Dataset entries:
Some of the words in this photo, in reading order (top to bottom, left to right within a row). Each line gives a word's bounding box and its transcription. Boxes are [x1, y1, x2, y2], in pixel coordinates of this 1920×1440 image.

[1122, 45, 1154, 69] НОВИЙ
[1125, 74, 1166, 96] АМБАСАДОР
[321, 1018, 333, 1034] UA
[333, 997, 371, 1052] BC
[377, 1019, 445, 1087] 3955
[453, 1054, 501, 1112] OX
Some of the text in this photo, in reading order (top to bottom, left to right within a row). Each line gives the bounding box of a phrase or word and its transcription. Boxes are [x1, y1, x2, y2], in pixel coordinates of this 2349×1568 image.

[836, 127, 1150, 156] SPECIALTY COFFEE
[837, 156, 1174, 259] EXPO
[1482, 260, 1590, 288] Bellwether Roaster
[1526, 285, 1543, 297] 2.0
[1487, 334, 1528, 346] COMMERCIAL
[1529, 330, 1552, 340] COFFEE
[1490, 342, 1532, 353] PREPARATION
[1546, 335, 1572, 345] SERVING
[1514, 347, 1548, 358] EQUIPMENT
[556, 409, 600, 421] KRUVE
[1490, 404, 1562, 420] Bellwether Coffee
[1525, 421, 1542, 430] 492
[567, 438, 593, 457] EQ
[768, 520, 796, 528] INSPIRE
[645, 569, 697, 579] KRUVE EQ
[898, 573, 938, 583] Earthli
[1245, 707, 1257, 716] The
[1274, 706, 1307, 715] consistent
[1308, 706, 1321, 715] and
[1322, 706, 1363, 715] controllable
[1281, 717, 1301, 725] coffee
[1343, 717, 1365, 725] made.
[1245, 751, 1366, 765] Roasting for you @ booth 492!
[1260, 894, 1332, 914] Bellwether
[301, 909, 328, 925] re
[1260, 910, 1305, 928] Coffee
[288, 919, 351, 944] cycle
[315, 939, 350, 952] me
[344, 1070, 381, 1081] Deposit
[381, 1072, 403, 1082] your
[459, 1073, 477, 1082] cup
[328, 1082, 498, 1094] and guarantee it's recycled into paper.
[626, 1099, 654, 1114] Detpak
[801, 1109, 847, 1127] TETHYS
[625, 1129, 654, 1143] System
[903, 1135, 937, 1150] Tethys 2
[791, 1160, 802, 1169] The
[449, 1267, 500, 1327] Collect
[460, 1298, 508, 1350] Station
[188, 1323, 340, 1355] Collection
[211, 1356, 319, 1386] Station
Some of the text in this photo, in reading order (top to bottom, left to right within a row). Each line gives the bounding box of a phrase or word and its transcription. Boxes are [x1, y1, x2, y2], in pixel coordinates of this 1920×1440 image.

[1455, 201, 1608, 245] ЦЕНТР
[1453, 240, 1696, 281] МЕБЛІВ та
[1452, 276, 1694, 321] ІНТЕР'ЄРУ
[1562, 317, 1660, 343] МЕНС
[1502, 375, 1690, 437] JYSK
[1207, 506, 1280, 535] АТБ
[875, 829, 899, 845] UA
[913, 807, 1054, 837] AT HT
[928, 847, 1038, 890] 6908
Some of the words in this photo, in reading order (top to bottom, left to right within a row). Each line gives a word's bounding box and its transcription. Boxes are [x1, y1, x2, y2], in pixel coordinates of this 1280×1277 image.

#### [Aim of the task]
Reproduce the lines above. Leave each one as it is.

#### [Response to the task]
Some of the words in this photo, in reading order (top to bottom, left to right within a row). Each line gives a word's bounding box and its transcription. Boxes are [x1, y1, x2, y2], in pixel coordinates of this 1920×1440 image.

[1122, 45, 1154, 69] НОВИЙ
[1125, 74, 1166, 96] АМБАСАДОР
[321, 1018, 333, 1034] UA
[333, 997, 371, 1052] BC
[377, 1019, 445, 1087] 3955
[453, 1054, 501, 1112] OX
Some of the text in this photo, in reading order (top to bottom, left to right within a row). Each line gives the bounding box of a phrase or word and its transcription. Boxes are [x1, y1, x2, y2], in pixel coordinates of this 2349×1568 image.

[836, 127, 1150, 156] SPECIALTY COFFEE
[837, 156, 1174, 259] EXPO
[1482, 260, 1590, 288] Bellwether Roaster
[1526, 285, 1543, 297] 2.0
[1487, 334, 1528, 346] COMMERCIAL
[1529, 330, 1552, 340] COFFEE
[1490, 342, 1532, 353] PREPARATION
[1546, 335, 1572, 345] SERVING
[1514, 347, 1548, 358] EQUIPMENT
[556, 409, 600, 421] KRUVE
[1490, 404, 1562, 420] Bellwether Coffee
[1525, 421, 1542, 430] 492
[567, 438, 593, 457] EQ
[768, 520, 796, 528] INSPIRE
[645, 569, 697, 579] KRUVE EQ
[898, 573, 938, 583] Earthli
[1245, 707, 1257, 716] The
[1274, 706, 1307, 715] consistent
[1308, 706, 1321, 715] and
[1322, 706, 1363, 715] controllable
[1281, 717, 1301, 725] coffee
[1343, 717, 1365, 725] made.
[1245, 751, 1366, 765] Roasting for you @ booth 492!
[1260, 894, 1332, 914] Bellwether
[301, 909, 328, 925] re
[1260, 910, 1305, 928] Coffee
[288, 919, 351, 944] cycle
[315, 939, 350, 952] me
[344, 1070, 381, 1081] Deposit
[381, 1072, 403, 1082] your
[459, 1073, 477, 1082] cup
[328, 1082, 498, 1094] and guarantee it's recycled into paper.
[626, 1099, 654, 1114] Detpak
[801, 1109, 847, 1127] TETHYS
[625, 1129, 654, 1143] System
[903, 1135, 937, 1150] Tethys 2
[791, 1160, 802, 1169] The
[449, 1267, 500, 1327] Collect
[460, 1298, 508, 1350] Station
[188, 1323, 340, 1355] Collection
[211, 1356, 319, 1386] Station
Some of the text in this photo, in reading order (top to bottom, left to right within a row). Each line gives the bounding box of a phrase or word and its transcription. Boxes are [x1, y1, x2, y2], in pixel coordinates of this 1920×1440 image.

[1455, 201, 1608, 245] ЦЕНТР
[1453, 240, 1696, 281] МЕБЛІВ та
[1452, 276, 1694, 321] ІНТЕР'ЄРУ
[1562, 317, 1660, 343] МЕНС
[1502, 375, 1690, 437] JYSK
[1207, 506, 1280, 535] АТБ
[875, 829, 899, 845] UA
[913, 807, 1054, 837] AT HT
[928, 847, 1038, 890] 6908
Some of the words in this photo, in reading order (top to bottom, left to right within a row). Each line gives a word's bounding box and its transcription. Boxes are [x1, y1, x2, y2], in pixel coordinates of this 1280×1277 image.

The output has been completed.